*TASK DATA:*
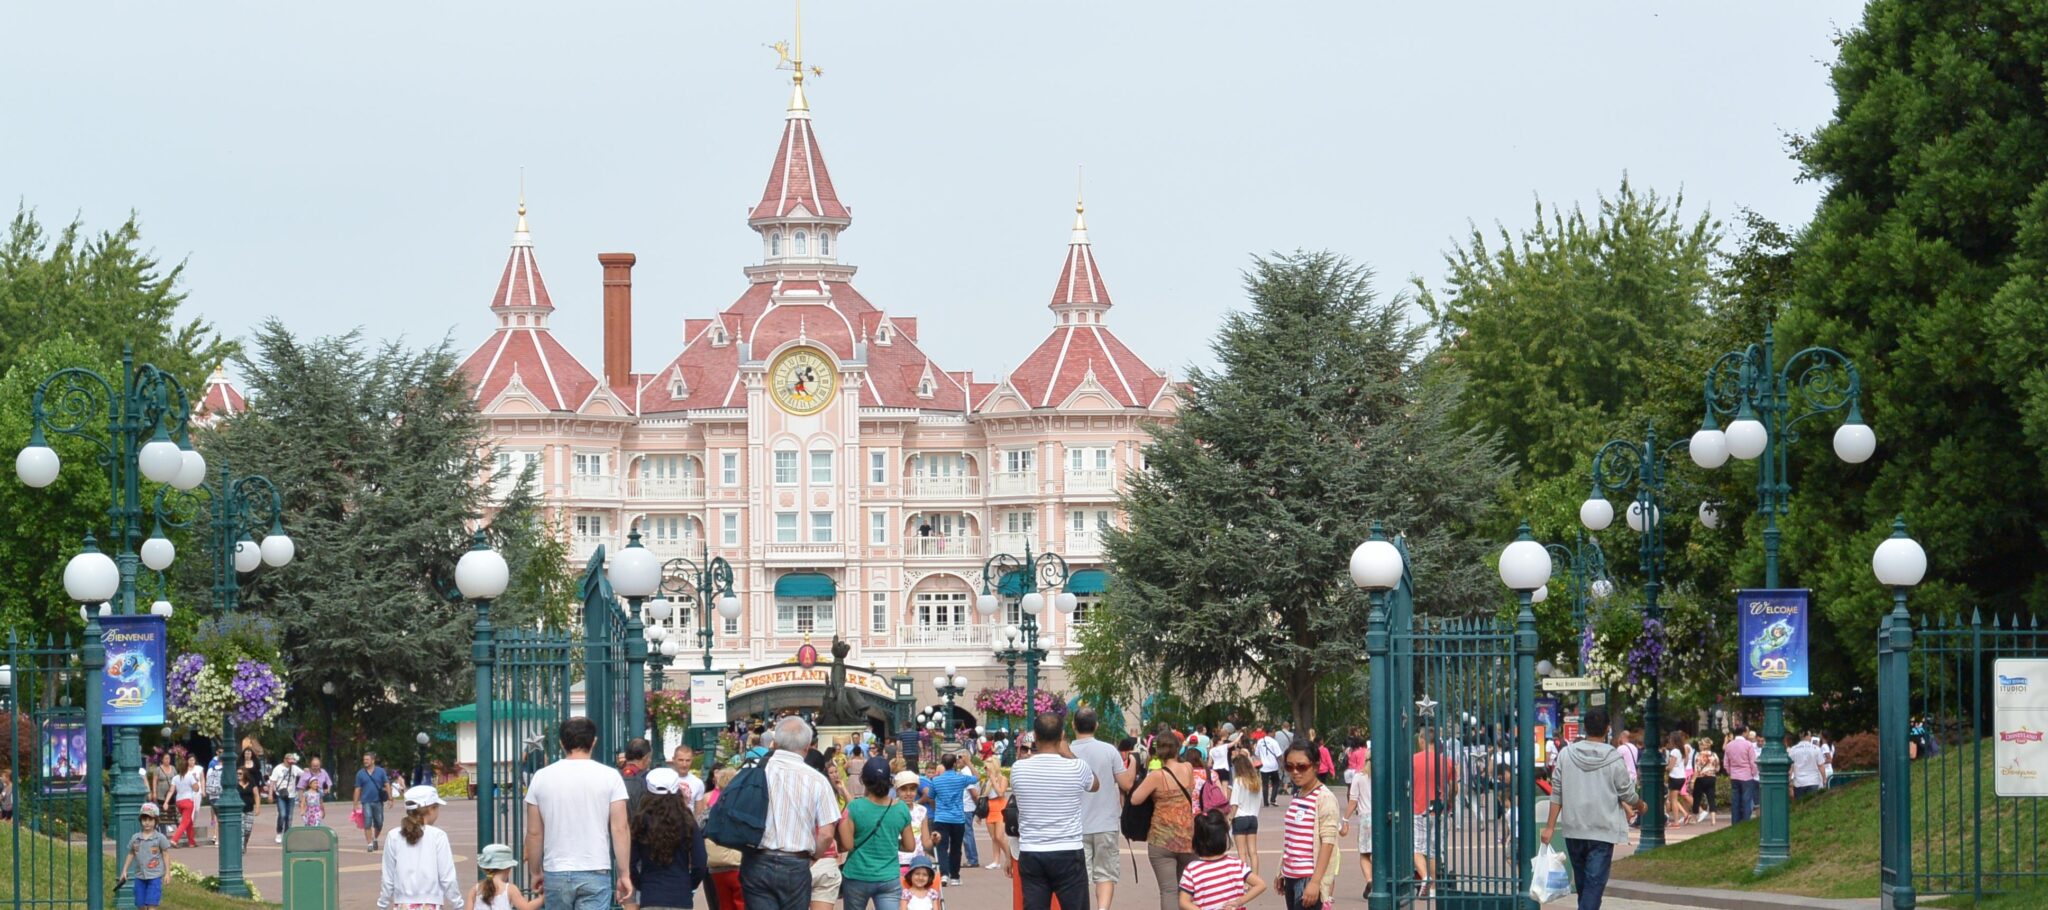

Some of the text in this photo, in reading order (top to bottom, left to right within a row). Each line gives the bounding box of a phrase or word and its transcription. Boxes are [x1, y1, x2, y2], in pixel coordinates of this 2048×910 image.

[1749, 601, 1799, 615] WELCOME
[101, 628, 155, 643] BIENVENUE
[1761, 658, 1788, 676] 20
[744, 669, 828, 689] DISNEYLAND
[115, 687, 142, 705] 20

*PROBLEM TO WORK ON:* Above are the records; give them all again exactly, apart from the pictures.

*RESPONSE FOR THIS EXERCISE:*
Some of the text in this photo, in reading order (top to bottom, left to right within a row). Each line gives the bounding box of a phrase or word and its transcription. Boxes are [x1, y1, x2, y2], in pixel coordinates of this 2048×910 image.

[1749, 601, 1799, 615] WELCOME
[101, 628, 155, 643] BIENVENUE
[1761, 658, 1788, 676] 20
[744, 669, 828, 689] DISNEYLAND
[115, 687, 142, 705] 20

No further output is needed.